Don’t Let Your Resume Write You Off
First impressions matter.

Happy Graduation Season! I thought school was the worst thing in the world during my last year, but then I graduated and being unemployed quickly became the worst thing in the world. I got a great tan that summer because I specialized in drinking beer and laying down on my balcony. But it was boring, I was boring, and my resume and cover letter were boring too.

And not just boring, but really bad as well; I went back and read the resume I was using that summer and found a spelling error (Sepemtber).

I had also used title case under my “Highlights of Qualifications” section: Very Strong Microsoft Office Skills, Proven Attention To Details, etc.

What an interesting stylistic choice that was! Obviously I’m beaming with pride and basking in the blatant hypocrisy that is the rage Gchatting I do when we receive a resume with errors.

“Proven attention to details” I wrote, when in reality I had proven that I paid very little attention to details. My crappy resume was matched with a wordy, uninspired form-style cover letter that didn’t acknowledge the position I was applying to in any way other than to say “I’m applying to be a dronebotunicorn at Company xyz.”

That cover letter made it obvious to potential employers that I was applying for every job under the sun. Sales Manager at Battery World? I can put new batteries in the remote control, let’s apply! COO of Sobeys? I like groceries! Why the hell wouldn’t I apply! Dog Trainer at Petsmart? I had a hamster as a child, s/he was very well behaved, must apply immediately!

Sidenote: If you’re the kind of person who is graduating with your dream job or the pathway to your dream job locked and loaded, then I stand here in awe of you. All the Prosecco belongs to you. That wasn’t the situation I put myself in, and judging by some of the applications that have passed through here, I’m not alone.

What you learned about resumes and cover letters in school, and what your friend’s resume that landed his or her dream job says might not work for you today.
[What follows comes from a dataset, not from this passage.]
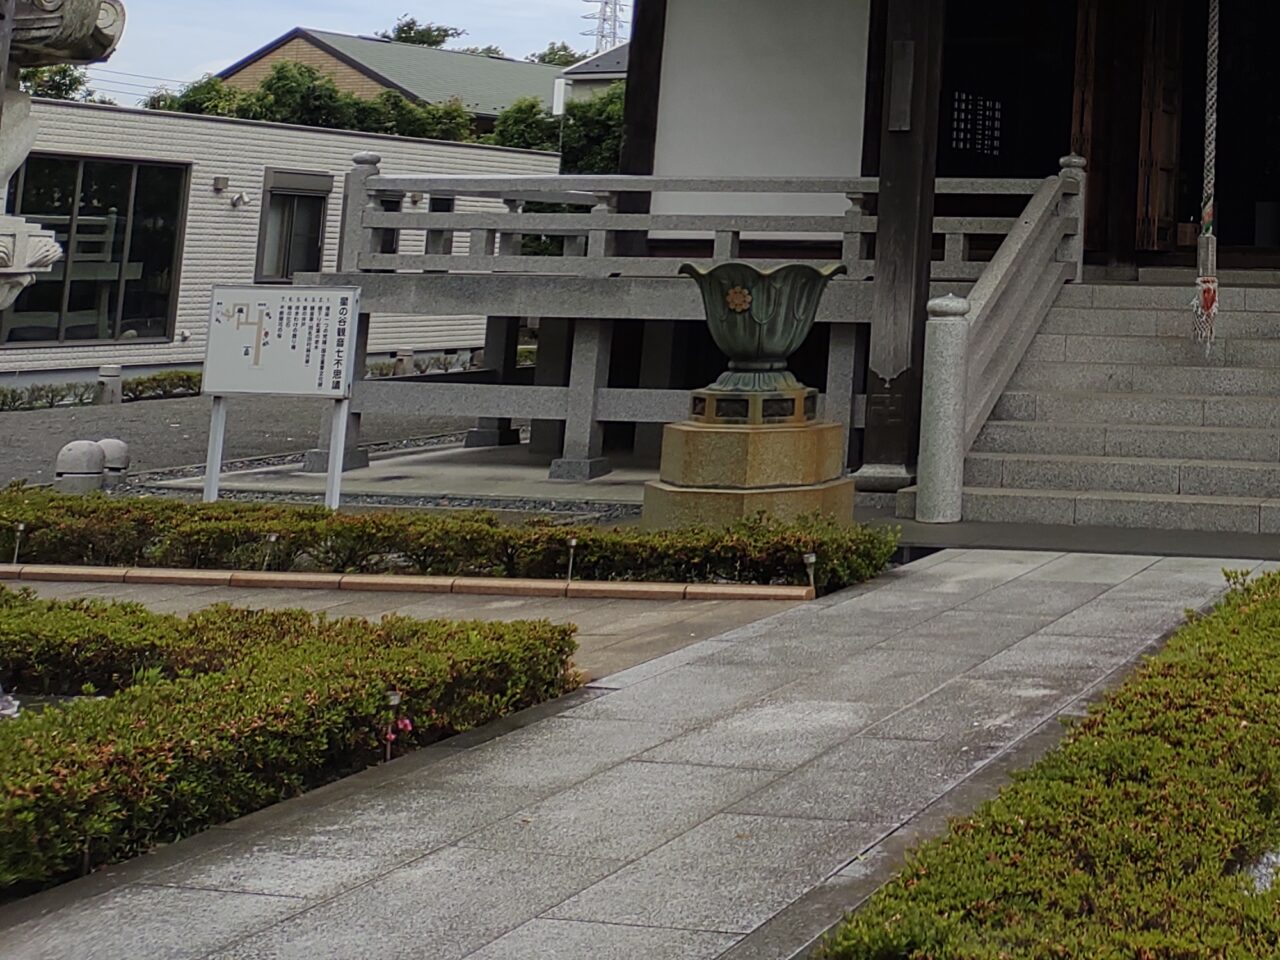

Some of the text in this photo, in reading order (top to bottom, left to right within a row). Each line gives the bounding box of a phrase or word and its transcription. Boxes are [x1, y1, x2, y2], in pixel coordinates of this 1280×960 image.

Likewise, what Kick Point believes to be an award winning cover letter would probably get you tossed from the consideration pile of many other jobs. So, please enjoy a few tips with many grains of salt.

1) Be Patient.

If you weren’t prepared and don’t already have a post-grad job lined up, please understand that this is a process, and often a very lengthy process. It’s frustrating because you’re coming off the high of this accomplishment, regardless of whether you had a 4.0 or a 2.0, and you want employers to recognize how brilliant you are. It’s a tough pill to swallow when no one seems to care that you finished school and are ready to change the world with your big ideas and outside the box thinking.*

* please do not write “outside the box” in any part of your job application. Ever.

2) Do Work.

Bills pile up! Rent is rent, and you should probably pay it once a month. After I sorted out my base tan that summer, I walked across the street to Starbucks and got a job as a barista. I was pretty bummed when I stomped over for my first 5:30am shift, because I wanted my business degree to give me instant gratification and a $100,000/year salary.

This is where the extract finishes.